Nursing Homes Facing Life-or-Death Decisions in Power Blackouts

As the Pacific Gas & Electric Company in California tries to reduce wildfire risk by cutting power during times of high risk, care facilities like nursing homes are up against factors that could prove deadly to at-risk patients.

by Jim McKay / September 20, 2019
Medical personnel evacuate patients as the Feather River Hospital burns while the Camp Fire rages through Paradise, Calif., on Thursday, Nov. 8, 2018. Tens of thousands of people fled a fast-moving wildfire Thursday in Northern California, some clutching babies and pets as they abandoned vehicles and struck out on foot ahead of the flames that forced the evacuation of an entire town. AP/Noah Berger

California has thus far experienced a slow fire season and that’s good news to skilled nursing homes, those that care for people with dementia, medically fragile patients, who could be forced to evacuate or experience a blackout of power.

The Pacific Gas & Electric Company, along with Southern California Edison and San Diego Gas & Electric, have adopted plans to shut off electricity during times when the threat of wildfire is high. That could prove problematic for a number of nursing homes, which may have backup power for just six hours.

“These facilities are required to have a very minimal emergency preparedness standard within the building,” said Jason Belden, disaster preparedness manager for the California Association of Health Facilities. “They have a diesel generator, or a gas-powered generator, and it must power for at least six hours for emergency plugs, lighting and fire protection systems.”

But none of that pertains to the HVAC units or keeping medicine cool and food from spoiling, things that would be necessary if a facility were forced to shelter in place. Most of the facilities in California don’t have the physical capacity to stay “islanded” for multiple days, Beldon said.

As far as evacuating, there is a mortality factor related to evacuating patients in these facilities. Beldon cited studies from multiple disasters that showed 3 percent mortality within 30 days after evacuation and 5 to 10 percent within 90 days.
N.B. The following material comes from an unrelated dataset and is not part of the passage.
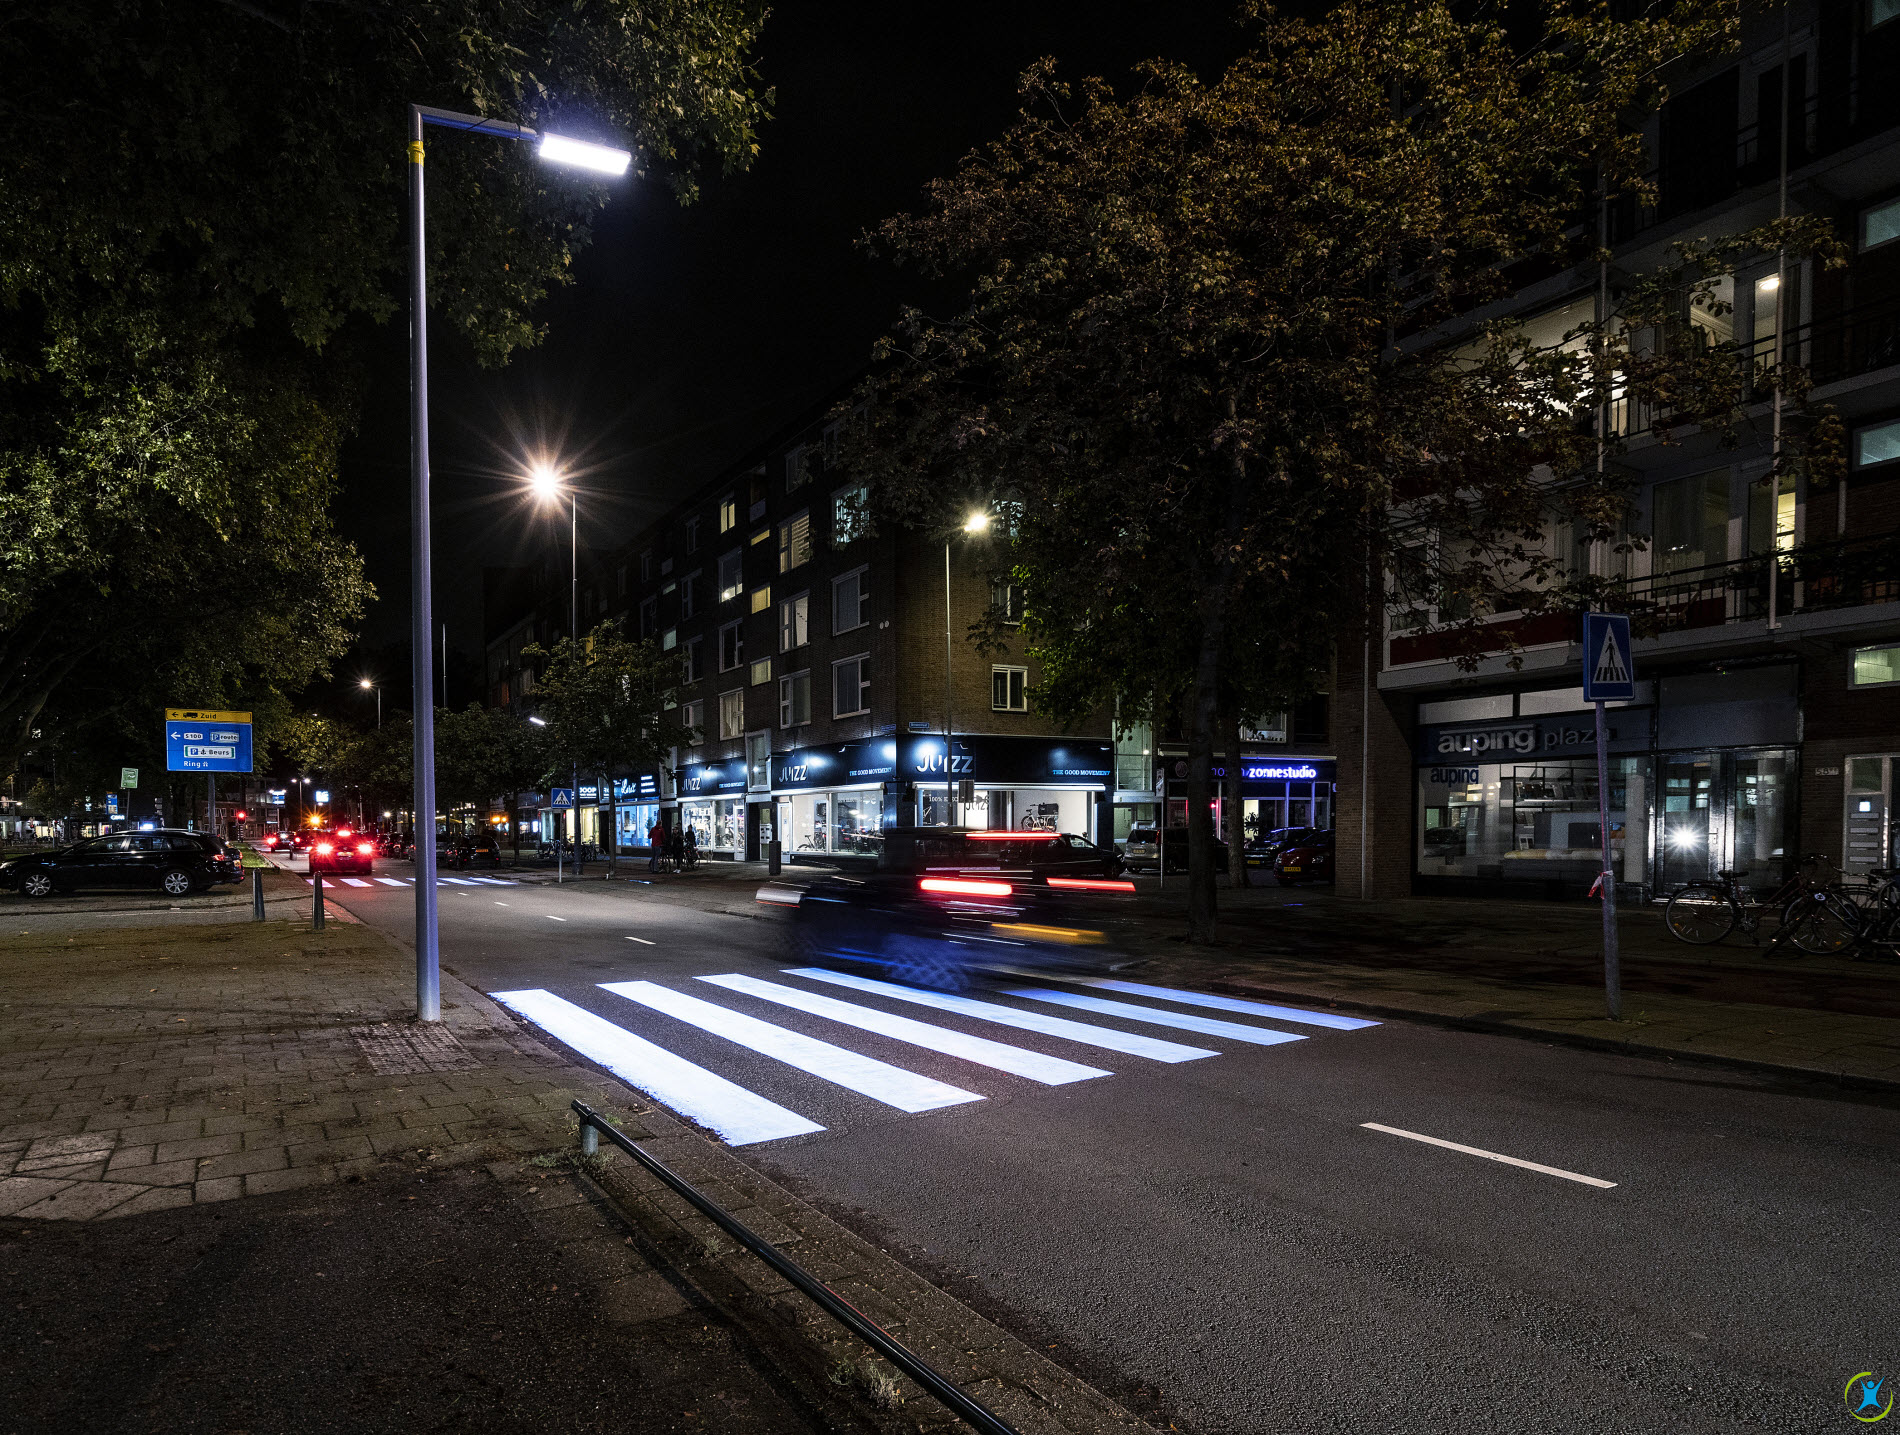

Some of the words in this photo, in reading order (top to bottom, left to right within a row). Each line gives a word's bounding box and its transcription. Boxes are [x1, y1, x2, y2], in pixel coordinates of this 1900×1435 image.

That means that in the first 30 days after an event, the normal mortality rate for that population would be “X” plus 3 percent with the evacuation. “We’re talking about reducing their lifespan rather than actually killing them,” Beldon said. “We’re straining them so bad that they can’t overcome that and can’t get better.”

He said those fatalities aren’t considered when calculating deaths that are a direct result of the disaster.  “We’re not really thinking of those a loss of life in a response to an event. Nobody is considering these things when we’re proactively cutting off the power.”

So, the choice to shelter in place or evacuate could be a perilous one, depending on the facility and the nature of the event. After Hurricane Irma passed through south Florida in September 2017, a nursing home with 150 patients lost power and tried to shelter in place. It was so hot that 12 of the patients died.

“You shelter in place until you can’t,” said Lindsay Anderson, research assistant professor at University of South Florida. On the other hand, sometimes these facilities are encouraged or even forced to evacuate by local authorities, and most aren’t equipped to do that and don’t get the necessary assistance to do it safely.

Many of the patients have dementia, many need specialized food or equipment, have medical regimens that need to be adhered to, and all that can go out the window in an evacuation. “They’re there for a reason and they need skilled care,” Anderson said.

As of January of this year, such facilities had to create plans for backup power, but some got waivers because of noise ordinances or other local restrictions. “There are places that have paid for these expensive generators and they still aren’t connected because of a problem with local approval,” said Kathryn Hyer, director of the Florida Policy Exchange Center on Aging at the University of South Florida. “It’s harder than you might think.”

Back in California, the Association of Health Facilities is urging those within these facilities to prepare for power shutdowns by to entering into memorandums of understanding with industrial contractors or people who can supply temporary cooling and temporary generators.

“If we get a big event, where we get multiple facilities contacted to shut off power, that may overwhelm a community or county’s ability to assist in keeping those folks sheltered in the buildings and we don’t want to move them if we don’t have to,” Beldon said.